───── Records to use
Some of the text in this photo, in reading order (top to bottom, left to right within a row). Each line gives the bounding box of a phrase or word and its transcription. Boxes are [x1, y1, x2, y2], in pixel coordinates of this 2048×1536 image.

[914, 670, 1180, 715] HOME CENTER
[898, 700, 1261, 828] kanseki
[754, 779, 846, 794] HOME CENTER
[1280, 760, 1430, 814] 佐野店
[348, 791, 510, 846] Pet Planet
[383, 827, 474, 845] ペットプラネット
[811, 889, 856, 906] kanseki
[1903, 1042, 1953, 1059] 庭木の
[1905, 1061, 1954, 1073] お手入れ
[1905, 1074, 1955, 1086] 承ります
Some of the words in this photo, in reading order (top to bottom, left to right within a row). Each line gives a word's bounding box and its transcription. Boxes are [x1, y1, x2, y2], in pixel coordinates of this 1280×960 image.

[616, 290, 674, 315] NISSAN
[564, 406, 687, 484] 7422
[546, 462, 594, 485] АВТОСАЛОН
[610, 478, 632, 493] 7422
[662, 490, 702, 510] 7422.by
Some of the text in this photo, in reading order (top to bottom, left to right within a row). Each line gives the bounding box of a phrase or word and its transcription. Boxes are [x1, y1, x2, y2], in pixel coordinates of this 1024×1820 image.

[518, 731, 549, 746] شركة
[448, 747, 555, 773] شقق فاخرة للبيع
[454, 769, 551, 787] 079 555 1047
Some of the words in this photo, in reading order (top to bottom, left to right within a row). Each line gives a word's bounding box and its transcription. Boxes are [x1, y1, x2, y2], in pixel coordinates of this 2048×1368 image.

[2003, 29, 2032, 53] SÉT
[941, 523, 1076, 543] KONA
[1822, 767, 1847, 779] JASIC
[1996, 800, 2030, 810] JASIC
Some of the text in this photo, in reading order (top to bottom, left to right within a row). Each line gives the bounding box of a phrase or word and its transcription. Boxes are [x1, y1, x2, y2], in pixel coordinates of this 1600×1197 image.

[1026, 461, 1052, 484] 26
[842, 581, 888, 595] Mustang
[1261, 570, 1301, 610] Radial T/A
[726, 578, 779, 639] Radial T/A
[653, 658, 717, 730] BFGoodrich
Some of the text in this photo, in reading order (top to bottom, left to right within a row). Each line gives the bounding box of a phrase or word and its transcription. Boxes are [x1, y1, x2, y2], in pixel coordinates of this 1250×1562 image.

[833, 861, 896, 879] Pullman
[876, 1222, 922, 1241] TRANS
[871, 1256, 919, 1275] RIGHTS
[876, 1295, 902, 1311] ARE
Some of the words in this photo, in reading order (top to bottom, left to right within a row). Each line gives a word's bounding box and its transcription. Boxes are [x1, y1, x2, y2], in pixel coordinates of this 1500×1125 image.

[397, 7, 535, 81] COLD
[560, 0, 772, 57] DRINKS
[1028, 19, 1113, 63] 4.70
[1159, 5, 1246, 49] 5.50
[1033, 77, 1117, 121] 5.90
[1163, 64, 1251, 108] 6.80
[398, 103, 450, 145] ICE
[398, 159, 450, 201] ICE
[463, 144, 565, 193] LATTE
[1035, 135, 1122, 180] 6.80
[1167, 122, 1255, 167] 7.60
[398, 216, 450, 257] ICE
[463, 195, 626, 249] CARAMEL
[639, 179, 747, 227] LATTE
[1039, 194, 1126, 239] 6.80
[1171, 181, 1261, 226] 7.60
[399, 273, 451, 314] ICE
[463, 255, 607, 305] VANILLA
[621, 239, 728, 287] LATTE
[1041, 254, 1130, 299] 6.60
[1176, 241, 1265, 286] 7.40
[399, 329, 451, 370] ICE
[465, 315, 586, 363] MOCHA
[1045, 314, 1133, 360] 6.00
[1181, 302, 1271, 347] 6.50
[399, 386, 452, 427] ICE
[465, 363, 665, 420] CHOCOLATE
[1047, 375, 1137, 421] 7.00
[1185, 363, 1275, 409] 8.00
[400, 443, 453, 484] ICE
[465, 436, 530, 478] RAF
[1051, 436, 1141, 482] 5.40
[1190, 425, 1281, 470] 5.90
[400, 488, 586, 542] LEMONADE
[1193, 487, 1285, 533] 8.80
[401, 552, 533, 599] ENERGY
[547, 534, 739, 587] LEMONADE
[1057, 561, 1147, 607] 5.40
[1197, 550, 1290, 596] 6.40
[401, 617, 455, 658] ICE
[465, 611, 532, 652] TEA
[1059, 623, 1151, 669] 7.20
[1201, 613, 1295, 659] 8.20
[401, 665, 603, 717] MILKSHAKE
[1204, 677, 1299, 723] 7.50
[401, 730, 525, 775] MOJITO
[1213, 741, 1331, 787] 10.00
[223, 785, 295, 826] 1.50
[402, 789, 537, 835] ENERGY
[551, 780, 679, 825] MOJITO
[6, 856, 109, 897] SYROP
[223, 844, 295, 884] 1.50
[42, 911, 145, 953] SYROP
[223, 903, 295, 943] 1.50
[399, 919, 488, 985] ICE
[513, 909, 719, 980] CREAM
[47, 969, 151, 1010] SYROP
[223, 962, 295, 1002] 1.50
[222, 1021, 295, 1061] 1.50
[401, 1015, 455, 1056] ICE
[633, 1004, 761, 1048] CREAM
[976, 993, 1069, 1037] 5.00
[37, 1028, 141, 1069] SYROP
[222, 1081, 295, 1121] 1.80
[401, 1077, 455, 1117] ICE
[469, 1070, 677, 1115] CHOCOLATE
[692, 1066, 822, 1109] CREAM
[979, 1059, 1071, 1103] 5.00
──────────
--- What the task asks ---
Reproduce, please, every line of the records above without alteration.

--- Solved exercise ---
Some of the text in this photo, in reading order (top to bottom, left to right within a row). Each line gives the bounding box of a phrase or word and its transcription. Boxes are [x1, y1, x2, y2], in pixel coordinates of this 2048×1536 image.

[914, 670, 1180, 715] HOME CENTER
[898, 700, 1261, 828] kanseki
[754, 779, 846, 794] HOME CENTER
[1280, 760, 1430, 814] 佐野店
[348, 791, 510, 846] Pet Planet
[383, 827, 474, 845] ペットプラネット
[811, 889, 856, 906] kanseki
[1903, 1042, 1953, 1059] 庭木の
[1905, 1061, 1954, 1073] お手入れ
[1905, 1074, 1955, 1086] 承ります
Some of the words in this photo, in reading order (top to bottom, left to right within a row). Each line gives a word's bounding box and its transcription. Boxes are [x1, y1, x2, y2], in pixel coordinates of this 1280×960 image.

[616, 290, 674, 315] NISSAN
[564, 406, 687, 484] 7422
[546, 462, 594, 485] АВТОСАЛОН
[610, 478, 632, 493] 7422
[662, 490, 702, 510] 7422.by
Some of the text in this photo, in reading order (top to bottom, left to right within a row). Each line gives the bounding box of a phrase or word and its transcription. Boxes are [x1, y1, x2, y2], in pixel coordinates of this 1024×1820 image.

[518, 731, 549, 746] شركة
[448, 747, 555, 773] شقق فاخرة للبيع
[454, 769, 551, 787] 079 555 1047
Some of the words in this photo, in reading order (top to bottom, left to right within a row). Each line gives a word's bounding box and its transcription. Boxes are [x1, y1, x2, y2], in pixel coordinates of this 2048×1368 image.

[2003, 29, 2032, 53] SÉT
[941, 523, 1076, 543] KONA
[1822, 767, 1847, 779] JASIC
[1996, 800, 2030, 810] JASIC
Some of the text in this photo, in reading order (top to bottom, left to right within a row). Each line gives the bounding box of a phrase or word and its transcription. Boxes are [x1, y1, x2, y2], in pixel coordinates of this 1600×1197 image.

[1026, 461, 1052, 484] 26
[842, 581, 888, 595] Mustang
[1261, 570, 1301, 610] Radial T/A
[726, 578, 779, 639] Radial T/A
[653, 658, 717, 730] BFGoodrich
Some of the text in this photo, in reading order (top to bottom, left to right within a row). Each line gives the bounding box of a phrase or word and its transcription. Boxes are [x1, y1, x2, y2], in pixel coordinates of this 1250×1562 image.

[833, 861, 896, 879] Pullman
[876, 1222, 922, 1241] TRANS
[871, 1256, 919, 1275] RIGHTS
[876, 1295, 902, 1311] ARE
Some of the words in this photo, in reading order (top to bottom, left to right within a row). Each line gives a word's bounding box and its transcription. Boxes are [x1, y1, x2, y2], in pixel coordinates of this 1500×1125 image.

[397, 7, 535, 81] COLD
[560, 0, 772, 57] DRINKS
[1028, 19, 1113, 63] 4.70
[1159, 5, 1246, 49] 5.50
[1033, 77, 1117, 121] 5.90
[1163, 64, 1251, 108] 6.80
[398, 103, 450, 145] ICE
[398, 159, 450, 201] ICE
[463, 144, 565, 193] LATTE
[1035, 135, 1122, 180] 6.80
[1167, 122, 1255, 167] 7.60
[398, 216, 450, 257] ICE
[463, 195, 626, 249] CARAMEL
[639, 179, 747, 227] LATTE
[1039, 194, 1126, 239] 6.80
[1171, 181, 1261, 226] 7.60
[399, 273, 451, 314] ICE
[463, 255, 607, 305] VANILLA
[621, 239, 728, 287] LATTE
[1041, 254, 1130, 299] 6.60
[1176, 241, 1265, 286] 7.40
[399, 329, 451, 370] ICE
[465, 315, 586, 363] MOCHA
[1045, 314, 1133, 360] 6.00
[1181, 302, 1271, 347] 6.50
[399, 386, 452, 427] ICE
[465, 363, 665, 420] CHOCOLATE
[1047, 375, 1137, 421] 7.00
[1185, 363, 1275, 409] 8.00
[400, 443, 453, 484] ICE
[465, 436, 530, 478] RAF
[1051, 436, 1141, 482] 5.40
[1190, 425, 1281, 470] 5.90
[400, 488, 586, 542] LEMONADE
[1193, 487, 1285, 533] 8.80
[401, 552, 533, 599] ENERGY
[547, 534, 739, 587] LEMONADE
[1057, 561, 1147, 607] 5.40
[1197, 550, 1290, 596] 6.40
[401, 617, 455, 658] ICE
[465, 611, 532, 652] TEA
[1059, 623, 1151, 669] 7.20
[1201, 613, 1295, 659] 8.20
[401, 665, 603, 717] MILKSHAKE
[1204, 677, 1299, 723] 7.50
[401, 730, 525, 775] MOJITO
[1213, 741, 1331, 787] 10.00
[223, 785, 295, 826] 1.50
[402, 789, 537, 835] ENERGY
[551, 780, 679, 825] MOJITO
[6, 856, 109, 897] SYROP
[223, 844, 295, 884] 1.50
[42, 911, 145, 953] SYROP
[223, 903, 295, 943] 1.50
[399, 919, 488, 985] ICE
[513, 909, 719, 980] CREAM
[47, 969, 151, 1010] SYROP
[223, 962, 295, 1002] 1.50
[222, 1021, 295, 1061] 1.50
[401, 1015, 455, 1056] ICE
[633, 1004, 761, 1048] CREAM
[976, 993, 1069, 1037] 5.00
[37, 1028, 141, 1069] SYROP
[222, 1081, 295, 1121] 1.80
[401, 1077, 455, 1117] ICE
[469, 1070, 677, 1115] CHOCOLATE
[692, 1066, 822, 1109] CREAM
[979, 1059, 1071, 1103] 5.00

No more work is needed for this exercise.